_Assignment_
Reproduce every line below exactly as written; do not include the images.

_Task inputs_
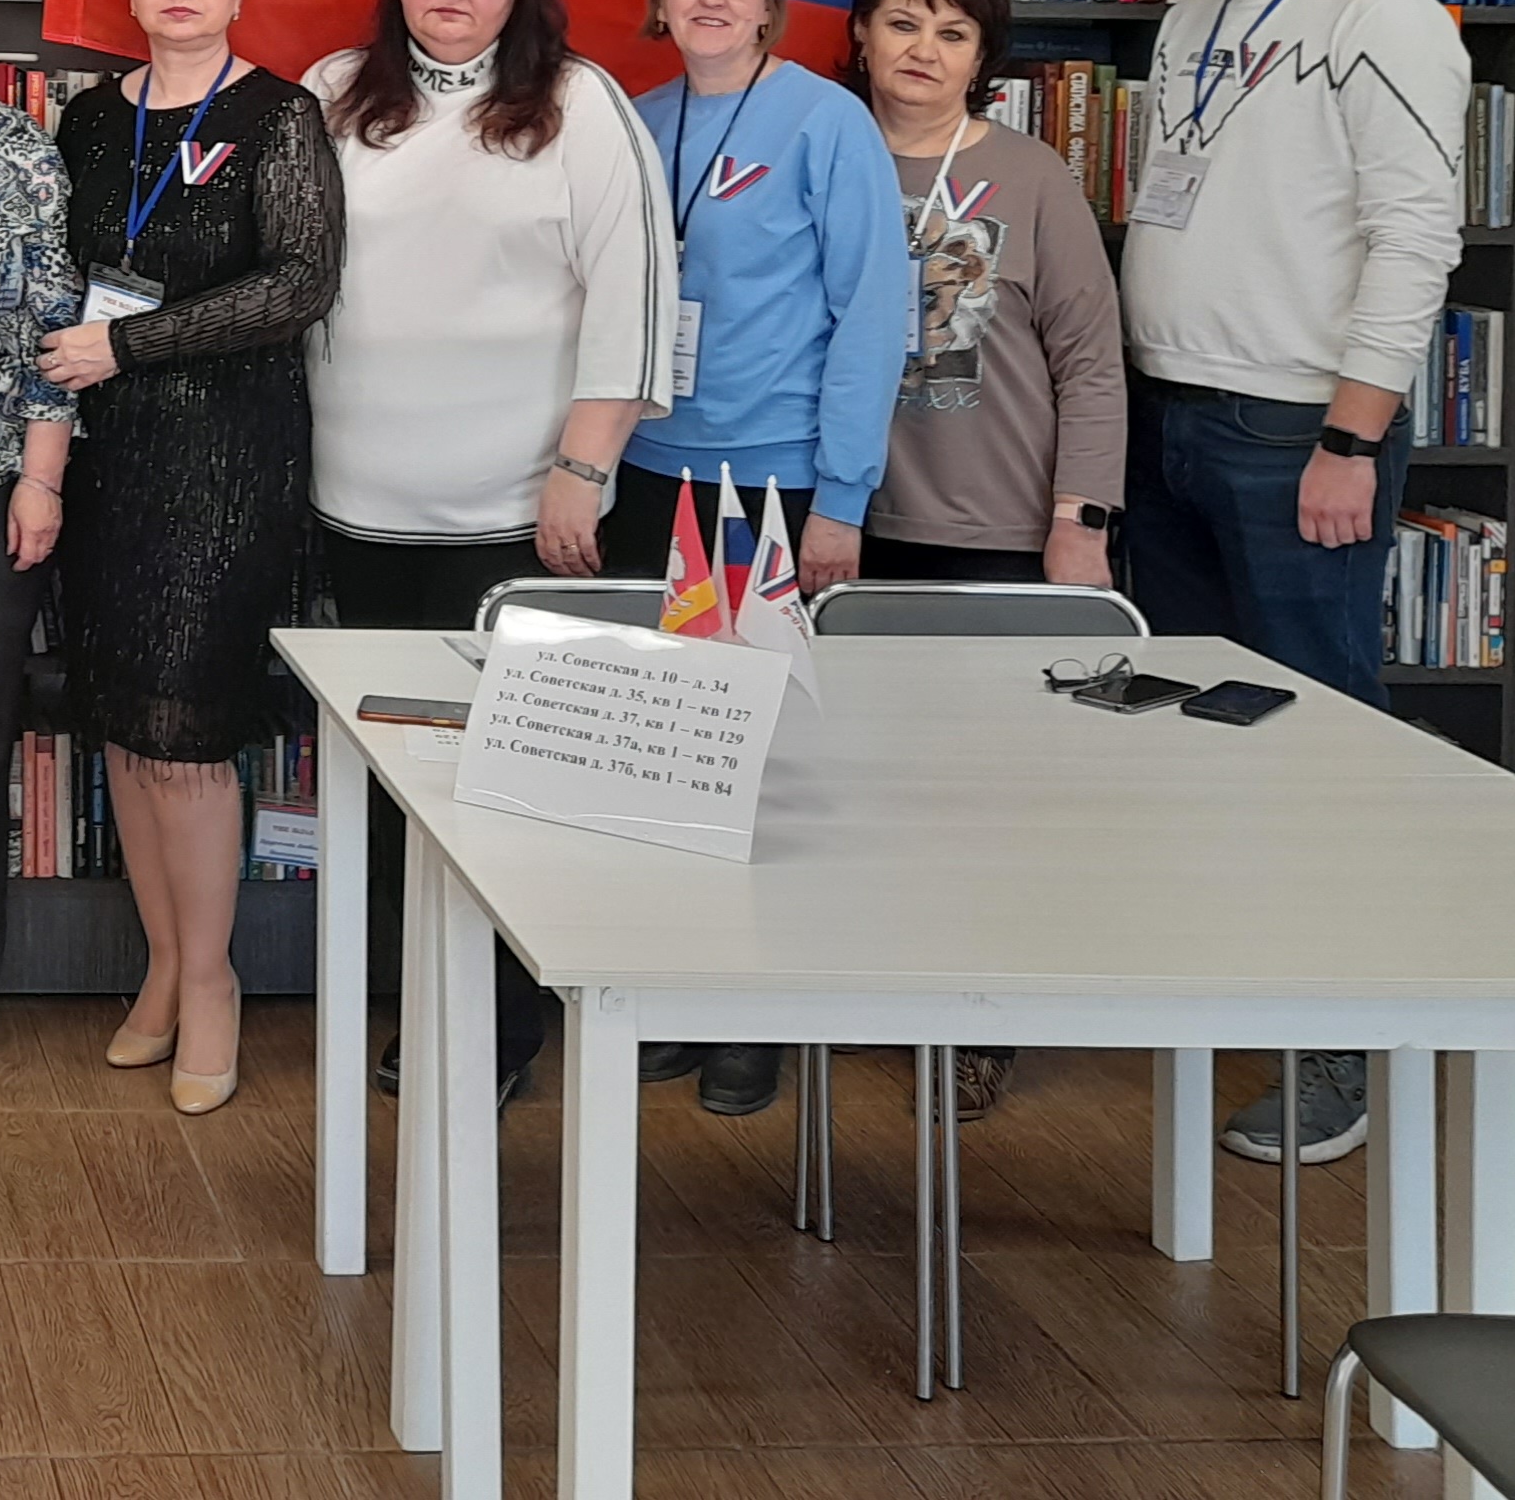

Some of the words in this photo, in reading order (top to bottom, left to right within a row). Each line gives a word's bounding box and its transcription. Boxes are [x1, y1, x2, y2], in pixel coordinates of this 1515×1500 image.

[1067, 71, 1089, 133] СТАТИСТИКА
[504, 667, 526, 681] ул.
[529, 670, 606, 696] Советская
[609, 685, 623, 698] д.
[626, 688, 647, 705] 35,
[652, 695, 671, 708] кв
[675, 697, 683, 710] 1
[701, 704, 720, 718] кв
[725, 706, 752, 723] 127
[536, 649, 558, 664] ул.
[562, 651, 640, 678] Советская
[642, 669, 656, 681] д.
[662, 670, 678, 685] 10
[692, 678, 706, 691] д.
[710, 679, 729, 694] 34
[489, 711, 512, 726] ул.
[515, 715, 592, 742] Советская
[595, 731, 609, 745] д.
[612, 734, 642, 753] 37а,
[647, 743, 666, 756] кв
[671, 744, 679, 758] 1
[696, 752, 715, 766] кв
[720, 756, 737, 771] 70
[496, 689, 518, 702] ул.
[522, 692, 599, 718] Советская
[602, 707, 616, 721] д.
[619, 711, 640, 728] 37,
[645, 718, 664, 730] кв
[668, 719, 676, 733] 1
[693, 726, 713, 740] кв
[718, 729, 745, 746] 129
[484, 736, 506, 751] ул.
[509, 739, 587, 767] Советская
[590, 757, 604, 771] д.
[607, 758, 637, 779] 37б,
[642, 768, 661, 782] кв
[666, 770, 674, 784] 1
[691, 778, 710, 792] кв
[715, 780, 733, 797] 84
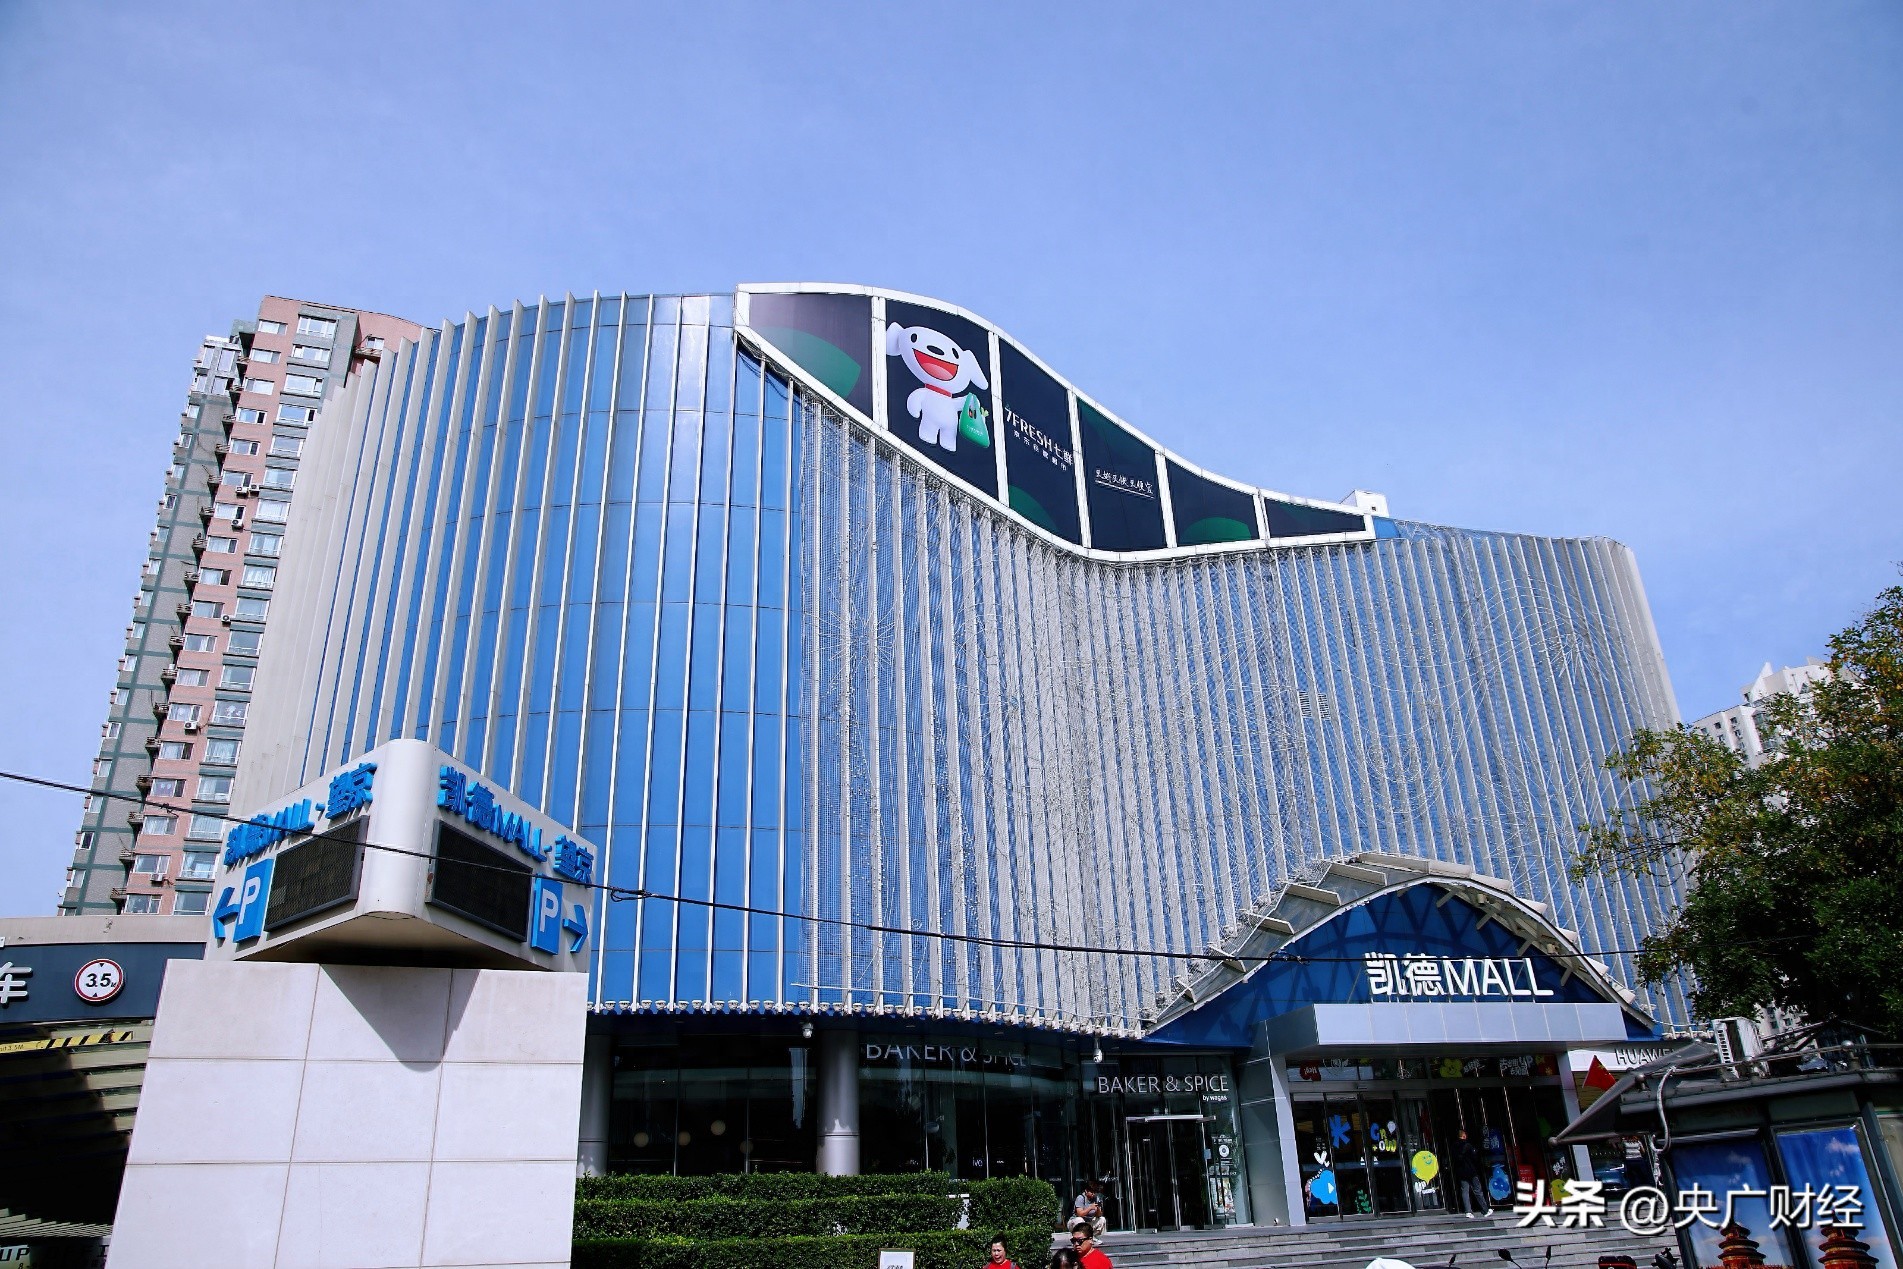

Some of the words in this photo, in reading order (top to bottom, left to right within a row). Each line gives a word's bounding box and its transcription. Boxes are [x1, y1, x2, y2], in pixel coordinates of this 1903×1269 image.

[238, 877, 261, 925] P
[539, 888, 559, 933] P
[1365, 952, 1554, 996] 凯德MALL
[1614, 1048, 1676, 1066] HUAWE
[1098, 1076, 1161, 1094] BAKER
[1165, 1075, 1180, 1092] &
[1184, 1075, 1229, 1092] SPICE
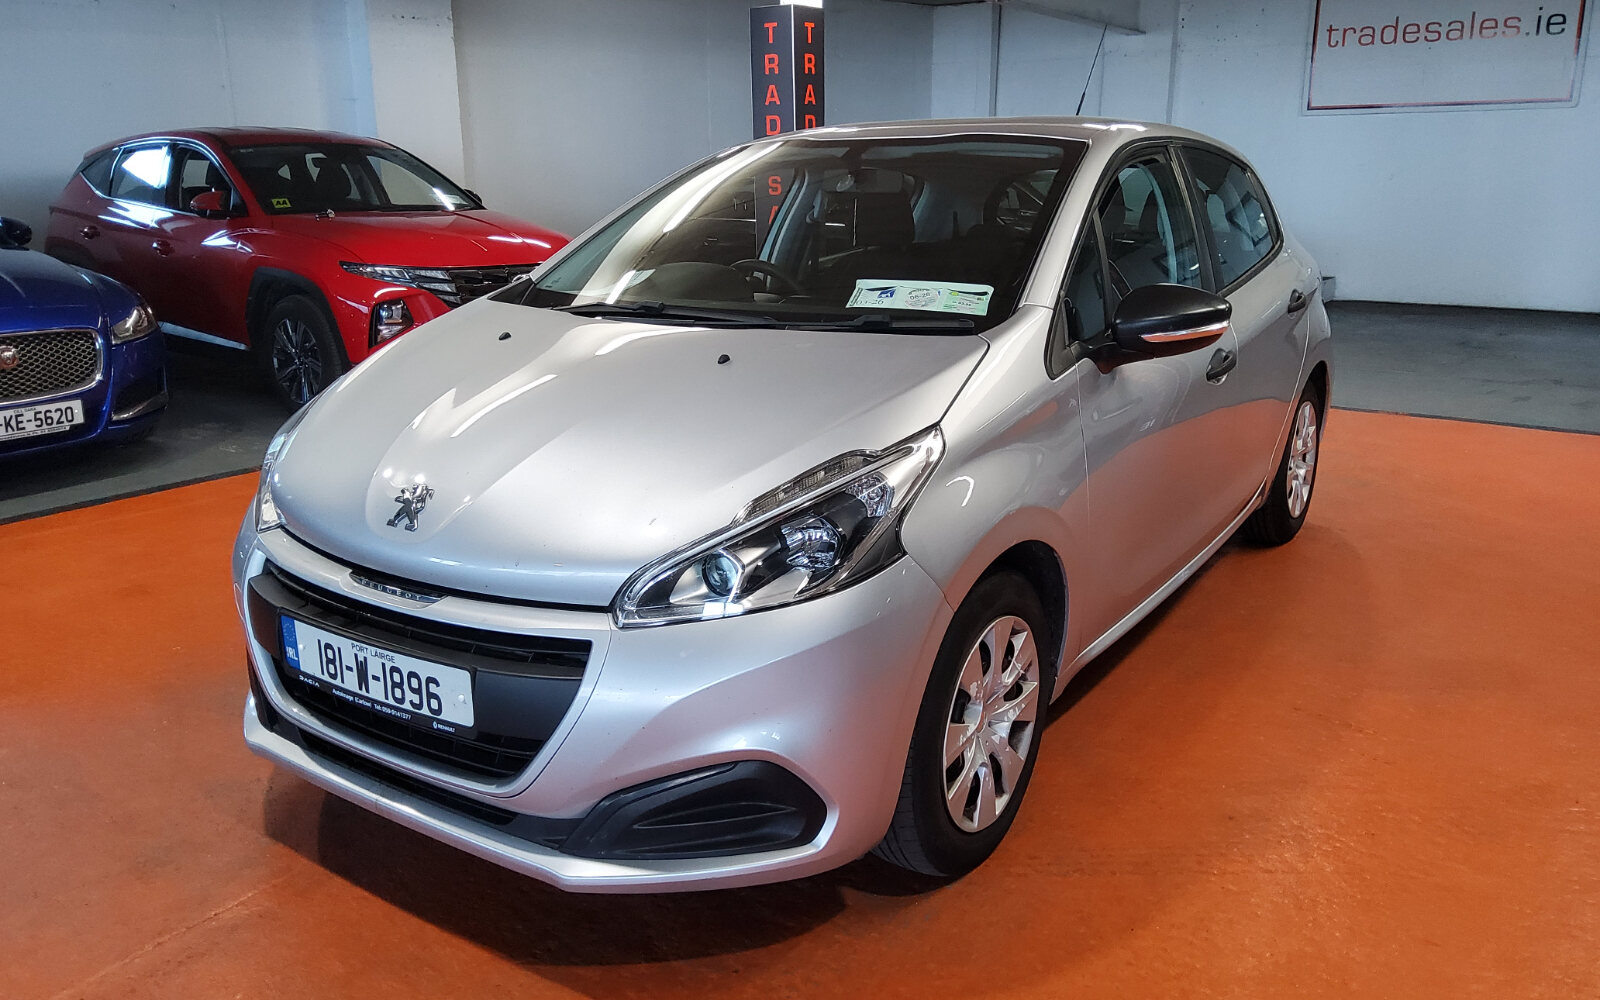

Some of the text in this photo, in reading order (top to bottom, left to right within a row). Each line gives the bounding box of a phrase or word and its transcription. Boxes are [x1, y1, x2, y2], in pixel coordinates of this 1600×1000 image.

_Your solution_
Some of the words in this photo, in reading order (top to bottom, left to right within a row). Each line gives a word's bounding box and its transcription. Boxes are [x1, y1, x2, y2], in pixel coordinates of this 1515×1500 image.

[1067, 71, 1089, 133] СТАТИСТИКА
[504, 667, 526, 681] ул.
[529, 670, 606, 696] Советская
[609, 685, 623, 698] д.
[626, 688, 647, 705] 35,
[652, 695, 671, 708] кв
[675, 697, 683, 710] 1
[701, 704, 720, 718] кв
[725, 706, 752, 723] 127
[536, 649, 558, 664] ул.
[562, 651, 640, 678] Советская
[642, 669, 656, 681] д.
[662, 670, 678, 685] 10
[692, 678, 706, 691] д.
[710, 679, 729, 694] 34
[489, 711, 512, 726] ул.
[515, 715, 592, 742] Советская
[595, 731, 609, 745] д.
[612, 734, 642, 753] 37а,
[647, 743, 666, 756] кв
[671, 744, 679, 758] 1
[696, 752, 715, 766] кв
[720, 756, 737, 771] 70
[496, 689, 518, 702] ул.
[522, 692, 599, 718] Советская
[602, 707, 616, 721] д.
[619, 711, 640, 728] 37,
[645, 718, 664, 730] кв
[668, 719, 676, 733] 1
[693, 726, 713, 740] кв
[718, 729, 745, 746] 129
[484, 736, 506, 751] ул.
[509, 739, 587, 767] Советская
[590, 757, 604, 771] д.
[607, 758, 637, 779] 37б,
[642, 768, 661, 782] кв
[666, 770, 674, 784] 1
[691, 778, 710, 792] кв
[715, 780, 733, 797] 84

Some of the words in this photo, in reading order (top to bottom, left to right within a row). Each line gives a word's bounding box and its transcription. Boxes are [x1, y1, x2, y2], in pixel coordinates of this 1903×1269 image.

[238, 877, 261, 925] P
[539, 888, 559, 933] P
[1365, 952, 1554, 996] 凯德MALL
[1614, 1048, 1676, 1066] HUAWE
[1098, 1076, 1161, 1094] BAKER
[1165, 1075, 1180, 1092] &
[1184, 1075, 1229, 1092] SPICE

Some of the text in this photo, in reading order (top to bottom, left to right within a row). Each line gives the bounding box of a phrase or word and its transcription. Boxes are [x1, y1, x2, y2], in pixel coordinates of this 1600×1000 image.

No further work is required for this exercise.